Let’s talk about the United Nations and youth diplomacy. No doubt, many of you have imagined yourself solving international issues, negotiating peace or defending your people’s interests in talks with other countries in the General Assembly. I know I have. And indeed, these days there are so many issues around us from armed conflict and terrorism to gender equality, access to education, or, at the very least, to clean water, that require more people working to solve them. But, for me at least, the United Nations has always remained this fabled place for a select few.
Model United Nations
Model United Nations or MUN is a special kind of student conference that unites education, diplomacy and lots of fun. Over the course of several days students – the delegates – come together to discuss global issues, pretending to be representatives of various countries. During the conference sessions it is the delegate’s responsibility to defend their country’s interests. The conference itself is very authentic: the discussions happen in accordance with UN rules and procedures, and the delegates have to reflect the real countries’ positions: a country like France is expected to support gender equality in the workforce while Saudi Arabia will probably not agree to it.

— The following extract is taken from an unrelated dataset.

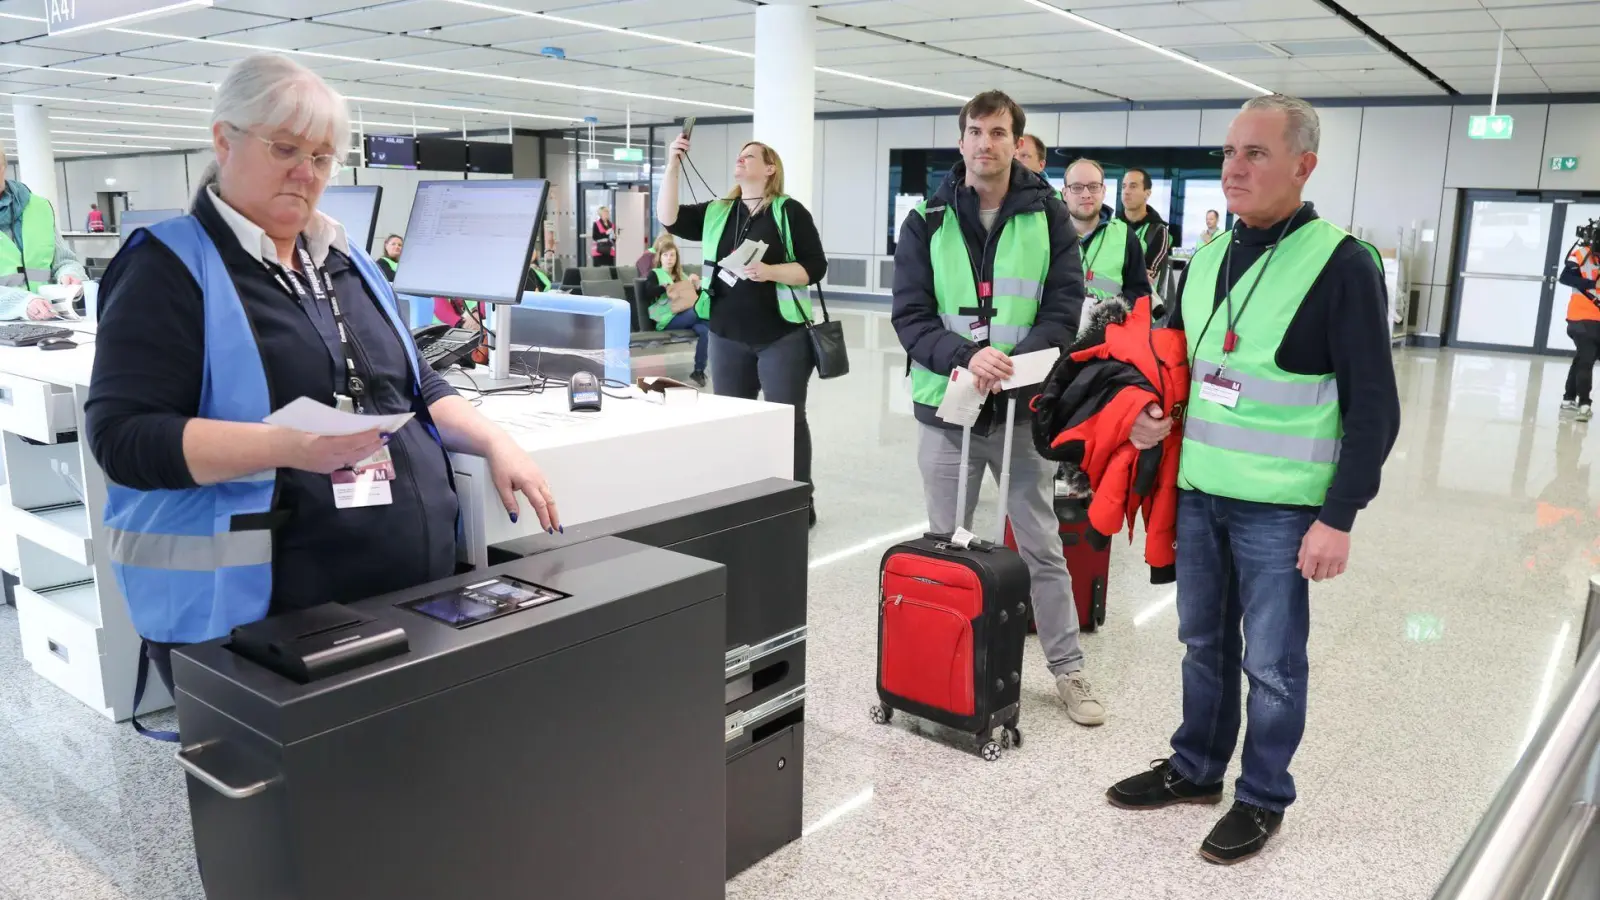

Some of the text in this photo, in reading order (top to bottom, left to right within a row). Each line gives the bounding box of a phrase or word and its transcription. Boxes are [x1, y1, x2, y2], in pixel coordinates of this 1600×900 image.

[305, 265, 324, 294] Terminal
[1231, 382, 1240, 391] M
[375, 469, 386, 480] M

As a delegate, you become the authority figure on your country’s politics, discuss issues with other delegates and negotiate the actions the UN needs to take. The work is usually done within the themed committees of the general assembly, each dealing with its own set of topics. The process, while straightforward, is also incredibly nuanced: who is going to support your plan of action? How do you prevent other countries from tanking your resolution? Can you give other delegates what they want without undermining your own agenda? How to make it all work in just three days? As a delegate, you are responsible for finding balance between these and other factors while following the parliamentary procedure of the United Nations. The UN rules and procedures are used as rules of the game for the conference and regulate when you can speak, in what order, and how to define your committee’s order of business. Complex at first, it is easily learned and internalized by the attendees – something even the actual UN delegates cannot always do.
Why Model United Nations?
Model United Nations does not land you a job at the actual UN. That being said, it is the best way out there to navigate your way around the organization, acquire the skills essential for diplomatic work, and make meaningful connections. Historically, many of the attendees of MUNs around the world feel more comfortable starting careers in politics and civil service. That shy delegate on your committee? Chances are they are going to be a real ambassador five years down the road. The conferences always feature notable keynote speakers – councilors, foreign diplomats stationed in your country, international organizations officers looking to make connections with the youth. Sometimes if you’re lucky, an actual secretary general will attend your conference. In other words, a MUN conference is a great opportunity to network.
MUN is a great source of inspiration for the actual United Nations. Sounds bizarre, but Model United Nations sessions are almost always more productive than the real thing. On average, 90% of yearly MUN conferences around the world are able to produce meaningful resolutions, derived from original ideas to address global issues. Ever wondered why countries cannot just rid the oceans of plastic by converting their military fleets and dividing areas of responsibility? Get on a MUN committee and propose the solution! Original ideas usually make it all the way to the actual organization.
Finally, MUN is the best first step to learning the immensely complicated structure of the organization and figuring out the next step you need to take to be a part of the UN. MUN events often feature professional and career talks educating the attendees about the available opportunities like the Young Professionals’ Programme (YPP) or UN internships. They can help you get started on your professional path towards the United Nations, while the experience you get at the conference will make sure you’re one step ahead of the competition.
Why Should you participate in MUN?
While of course MUN is an enriching intellectual experience, it’s much more than that. A large component of MUN reinforces learning about the world in a fun, social and cultural way. Being a participant means that for a short period of time, you get to experience what it means to be a world leader and attempt to solve real world issues together with others. Throughout your time, you are allowed to bring your own ideas to the table and use your imagination to think creatively and critically about global affairs. MUN will give you a chance to explore your own interests and engage in issues which you’re passionate about. MUN may sound intimidating at first, but participating will help you gain self confidence by introducing you to public speaking, leadership, research, negotiation and collaboration in an environment which aims to help you thrive.